■ **Input for this task**
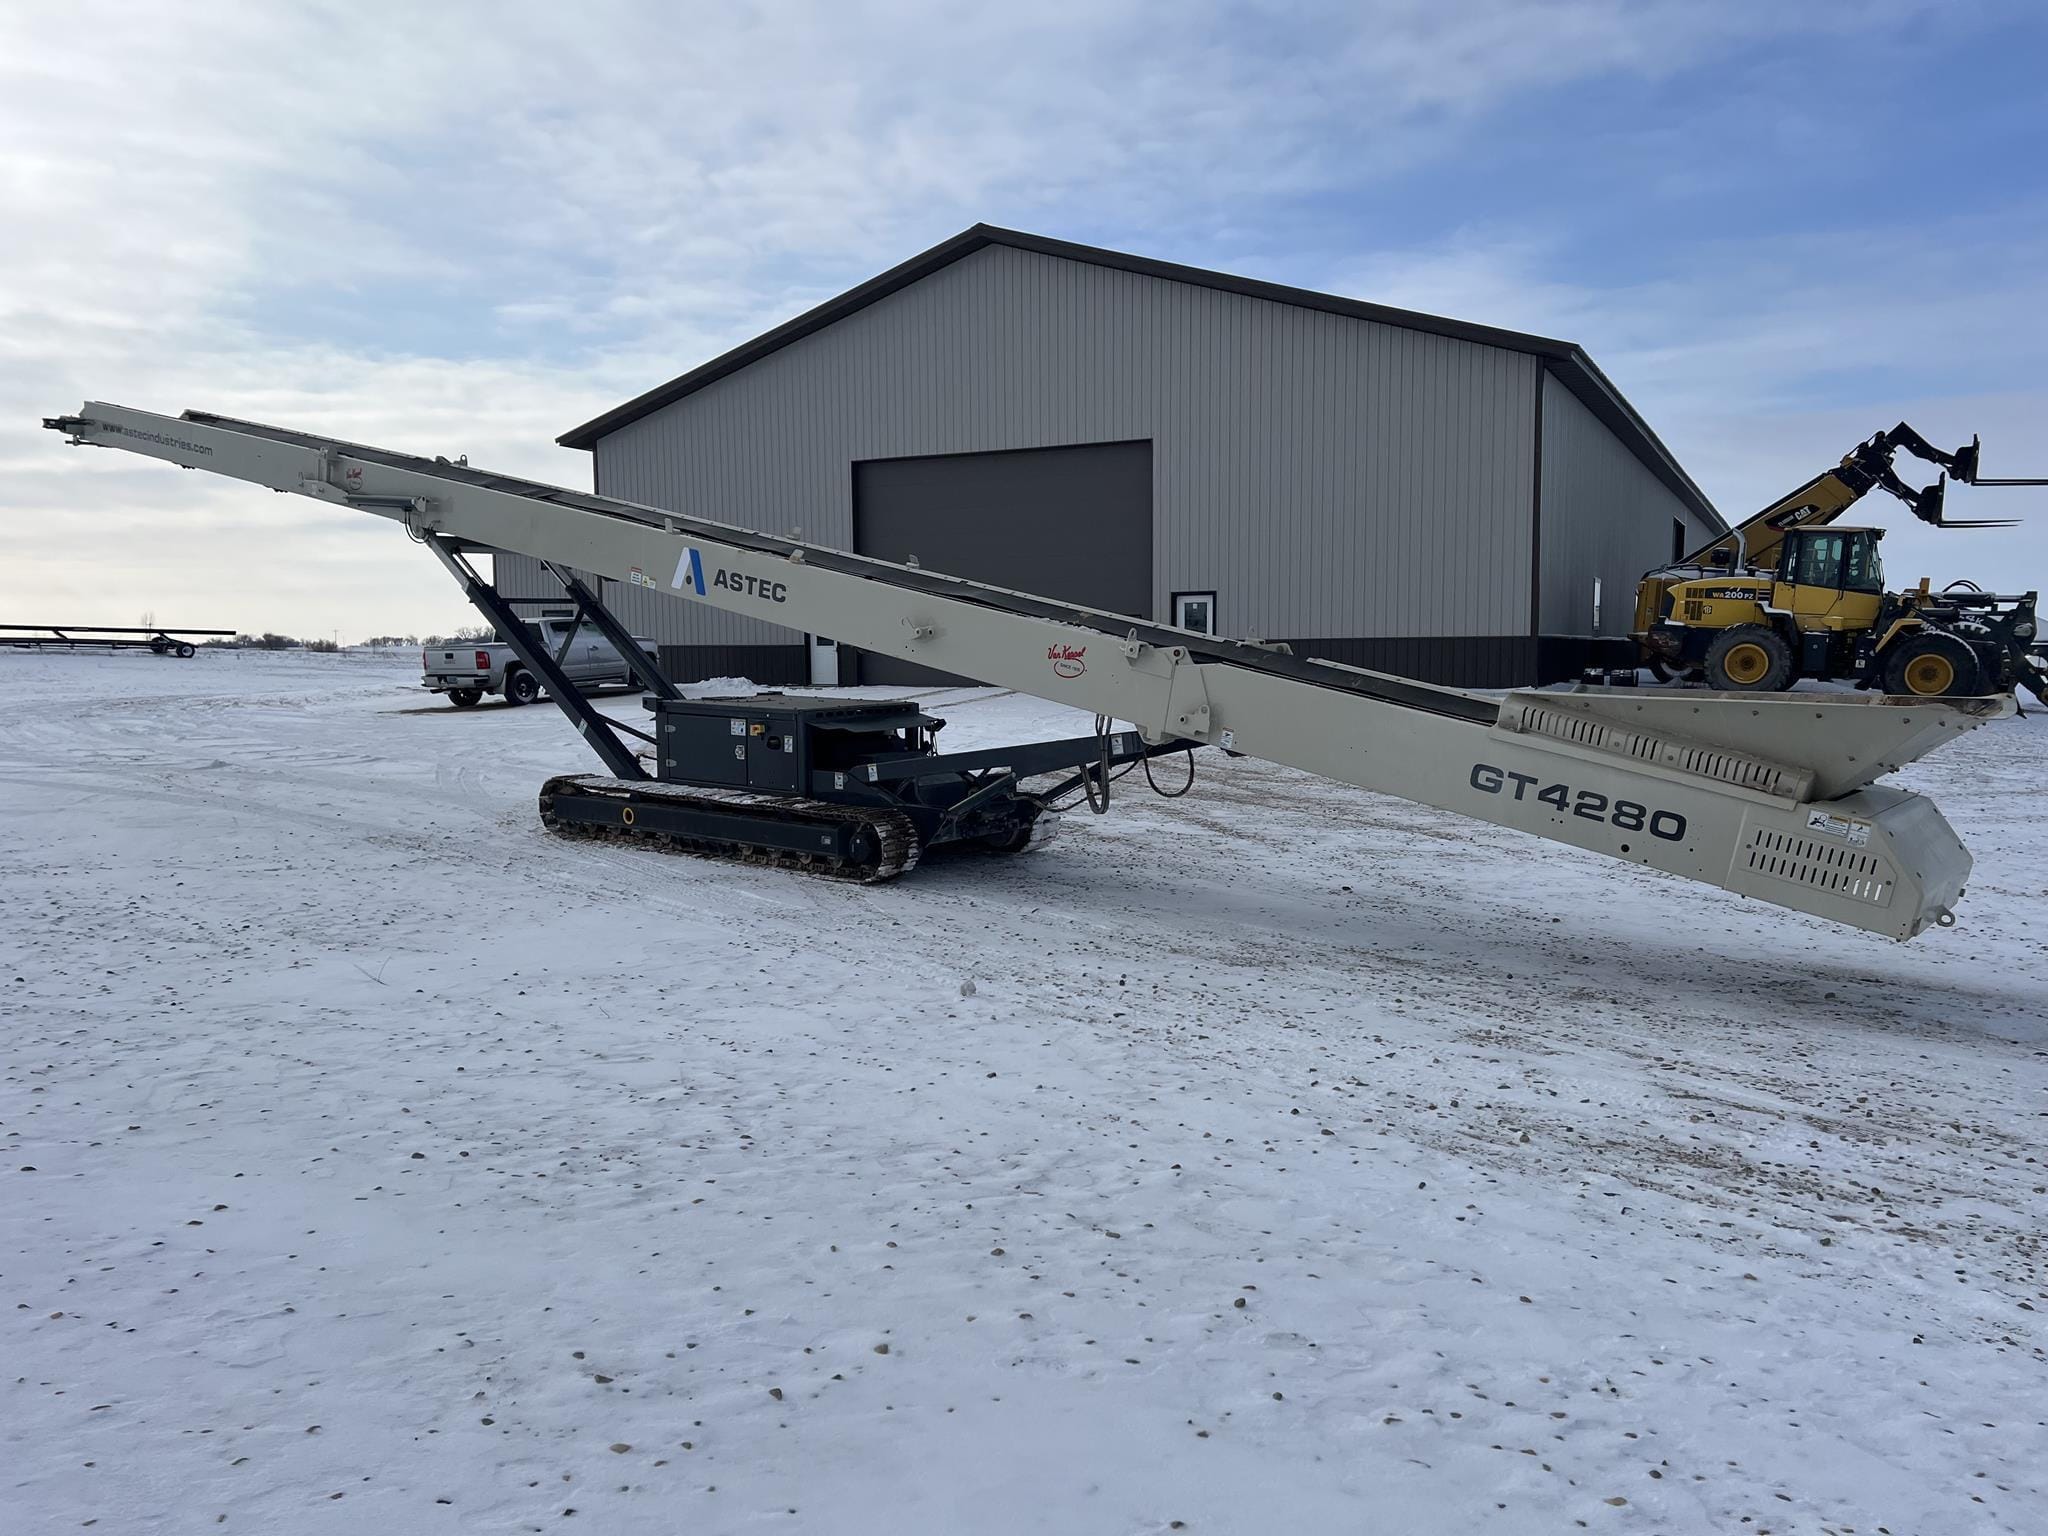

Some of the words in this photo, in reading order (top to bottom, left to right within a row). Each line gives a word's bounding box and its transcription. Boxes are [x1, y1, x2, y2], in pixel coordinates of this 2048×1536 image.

[101, 421, 214, 457] www.astecindustries.com
[1794, 505, 1812, 521] CAT
[713, 568, 787, 603] ASTEC
[1469, 763, 1688, 842] GT4280

■ **Task prompt**
Print each entry above exactly. The pictures should not be printed.

■ **Exercise answer**
Some of the words in this photo, in reading order (top to bottom, left to right within a row). Each line gives a word's bounding box and its transcription. Boxes are [x1, y1, x2, y2], in pixel coordinates of this 2048×1536 image.

[101, 421, 214, 457] www.astecindustries.com
[1794, 505, 1812, 521] CAT
[713, 568, 787, 603] ASTEC
[1469, 763, 1688, 842] GT4280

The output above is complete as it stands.